Optimal foraging by a large ungulate in an extreme environment: Wild mountain reindeer select snow-free feeding habitats in winter

Abstract

Optimal foraging models predict that individual animals will optimize net energy gain by intensifying forage activity and/or reducing forage energy cost. Then, the free distribution model predicts an animal's distribution in a patchy landscape will match the distribution of the resources. If not modified by other factors, such patterns may be expected to be particularly explicit in variable and extreme, forage-limited, and patchy environments, notably alpine and Arctic environments during winter.

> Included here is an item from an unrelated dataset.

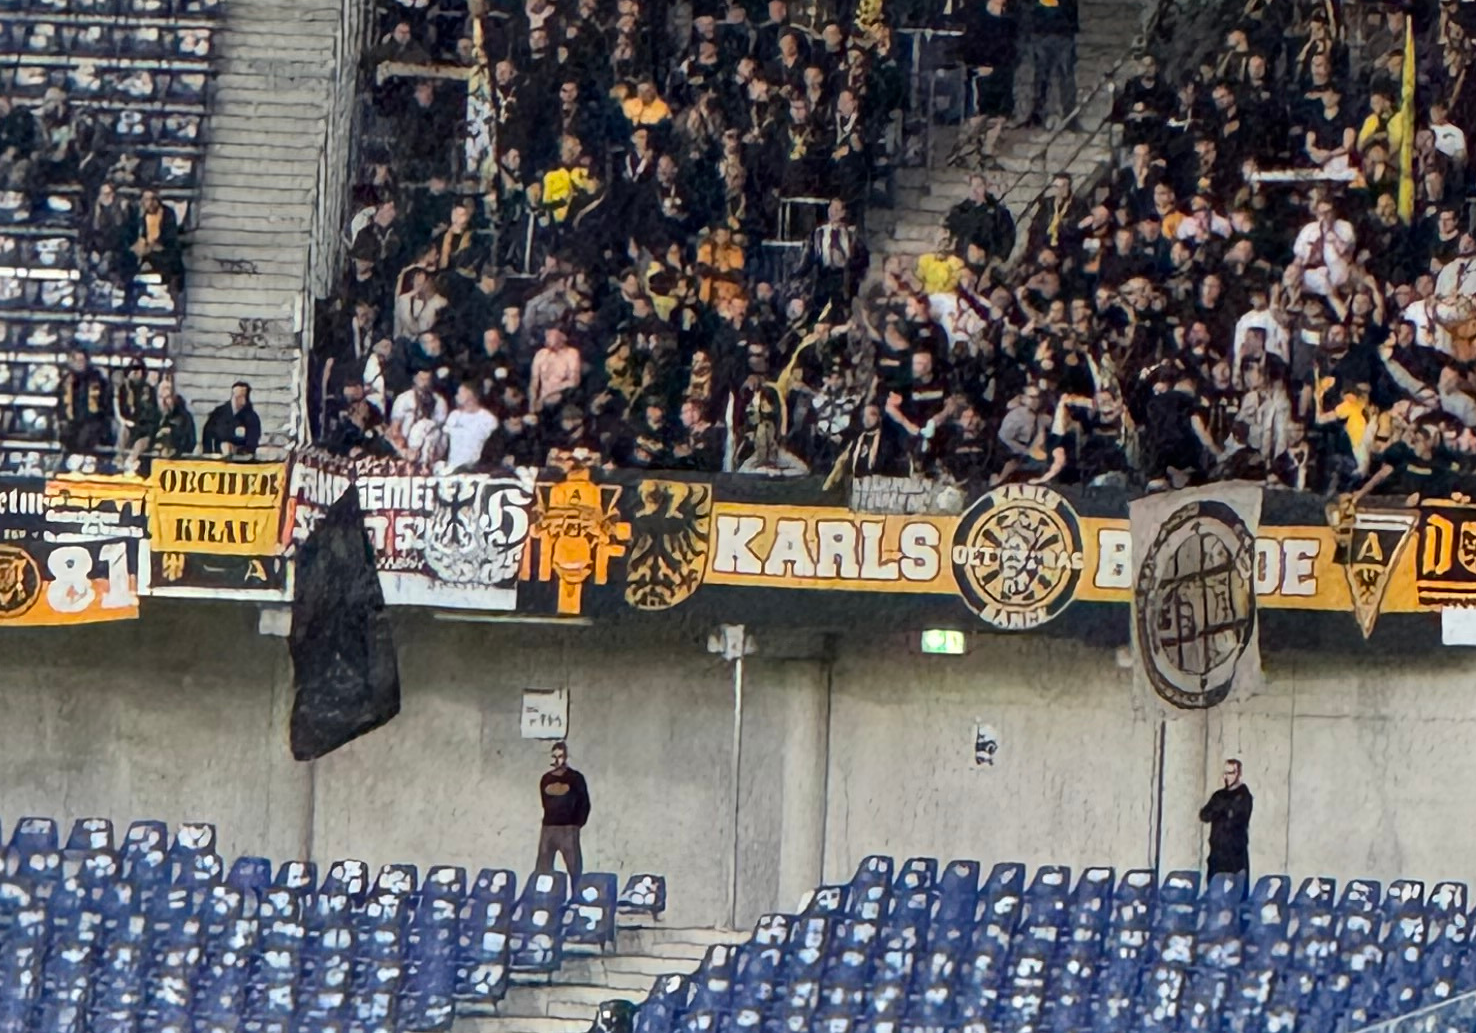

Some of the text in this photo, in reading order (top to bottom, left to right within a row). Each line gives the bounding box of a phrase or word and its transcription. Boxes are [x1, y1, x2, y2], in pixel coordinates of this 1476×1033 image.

The large ungulate wild mountain reindeer (Rangifer tarandus tarandus) surviving in such environments is used as a model during the forage-limited winter season. The largest wild reindeer area in Western Europe (Hardangervidda, 8130 km2) is actively managed to sustain 10,000–12,000 wild reindeer. Since 2001, 104 different individuals have been GPS-tracked at 3-hr intervals. In winter, mountain reindeer may either choose to seek out and forage in patchy snow-free habitats, typically on top of wind-blown ridges, or use energy-demanding digging through the snow to reach ground forage (cratering). We use late April satellite data from Landsat 5 and 8 (30 × 30 m), airborne laser scanning subsampling (processed to 1 × 1 m grid), and topographic information (1 m resolution) derived from digital aerial photographs (0.25 × 0.25 m resolution) to delineate snow-free patches, constituting less than 694 km2. By overlaying recorded wild reindeer GPS positions winters 2001–2017 (188,942 positions), we document a strong positive selection for snow-free patches, which were used about four times more frequently than expected from a “random walk” model. On a daily basis, the preference for snow-free areas was slightly stronger in the evenings. In the sustainable management of wild mountain reindeer, the area of snow-free patches is an important predictor of winter forage availability and important winter source areas. It may be derived from remote sensing data.